- **ASSIGNMENT**
Below are some records: retype them all exactly, but not the pictures.

- **DATA RECORDS**
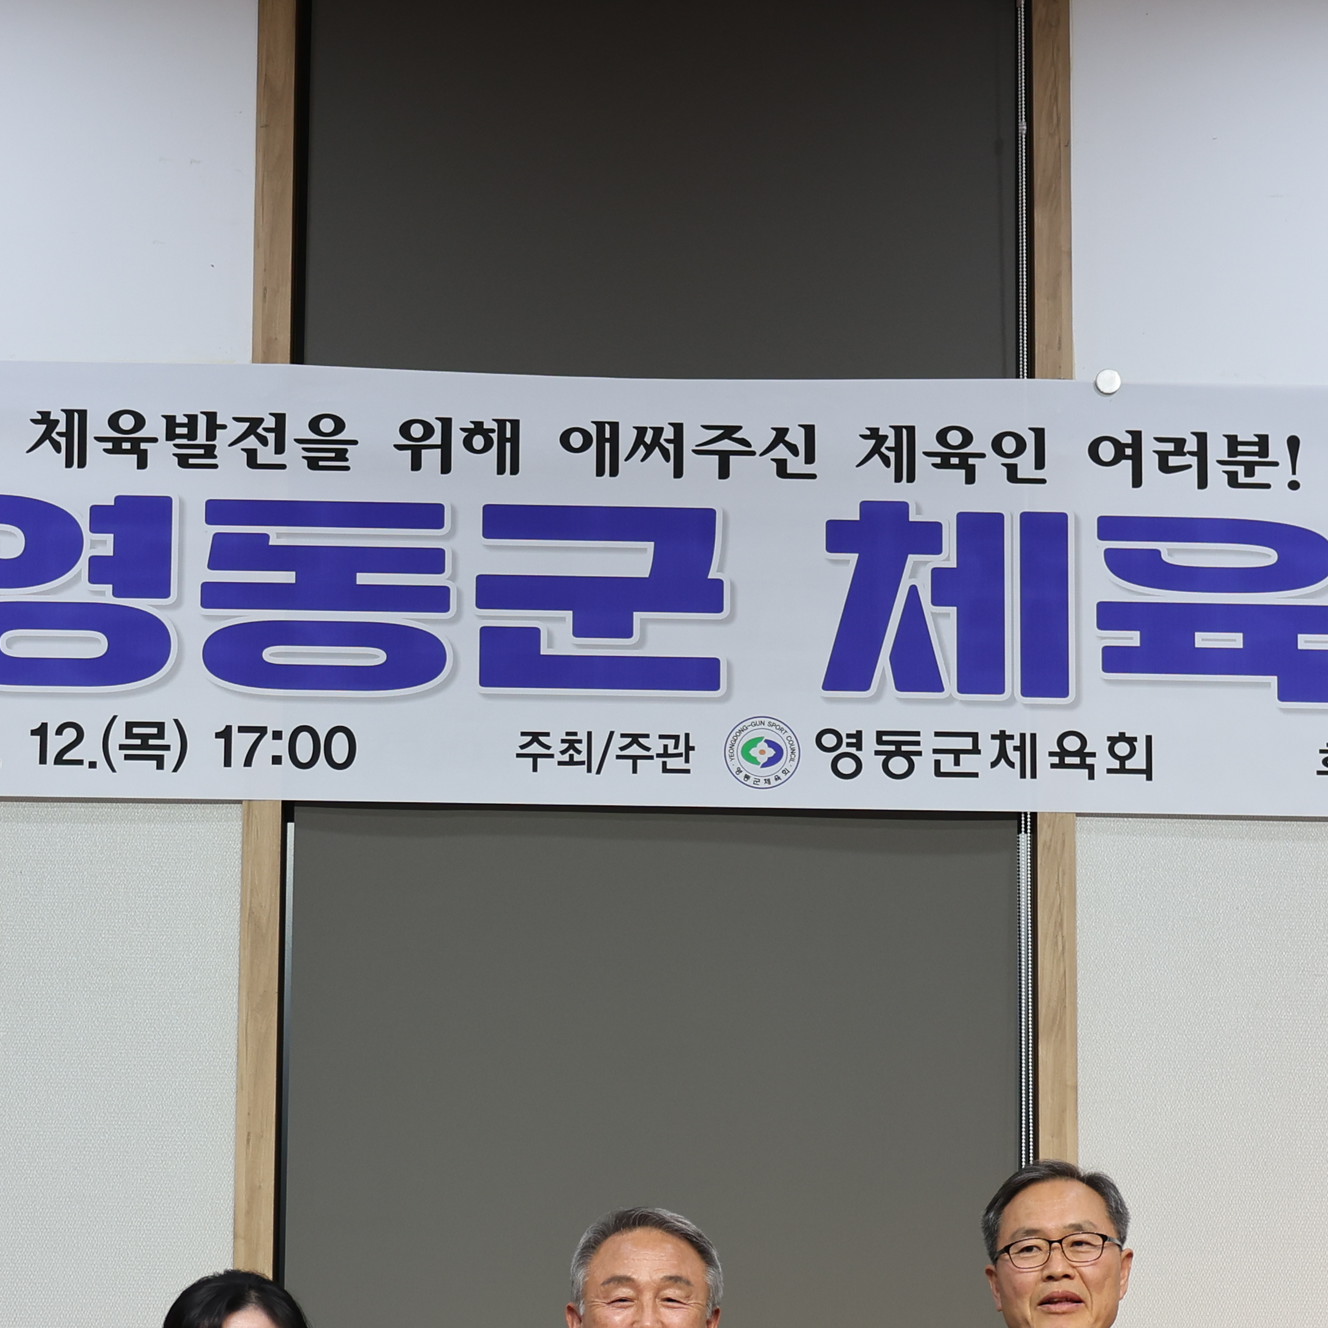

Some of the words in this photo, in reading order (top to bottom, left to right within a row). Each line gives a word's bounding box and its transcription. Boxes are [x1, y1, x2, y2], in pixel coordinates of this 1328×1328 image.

[26, 409, 358, 474] 체육발전을
[393, 417, 520, 475] 위해
[560, 421, 817, 481] 애써주신
[856, 426, 1048, 484] 체육인
[1088, 430, 1301, 490] 여러분!
[31, 715, 188, 773] 12.(목)
[215, 725, 357, 771] 17:00
[516, 731, 695, 775] 주최/주관
[814, 729, 1154, 782] 영동군체육회
[729, 720, 766, 762] YEONGDONG-GUN
[767, 721, 788, 735] SPORT
[786, 735, 797, 763] COUNCIL

- **RESULT OF THE EXERCISE**
Some of the words in this photo, in reading order (top to bottom, left to right within a row). Each line gives a word's bounding box and its transcription. Boxes are [x1, y1, x2, y2], in pixel coordinates of this 1328×1328 image.

[26, 409, 358, 474] 체육발전을
[393, 417, 520, 475] 위해
[560, 421, 817, 481] 애써주신
[856, 426, 1048, 484] 체육인
[1088, 430, 1301, 490] 여러분!
[31, 715, 188, 773] 12.(목)
[215, 725, 357, 771] 17:00
[516, 731, 695, 775] 주최/주관
[814, 729, 1154, 782] 영동군체육회
[729, 720, 766, 762] YEONGDONG-GUN
[767, 721, 788, 735] SPORT
[786, 735, 797, 763] COUNCIL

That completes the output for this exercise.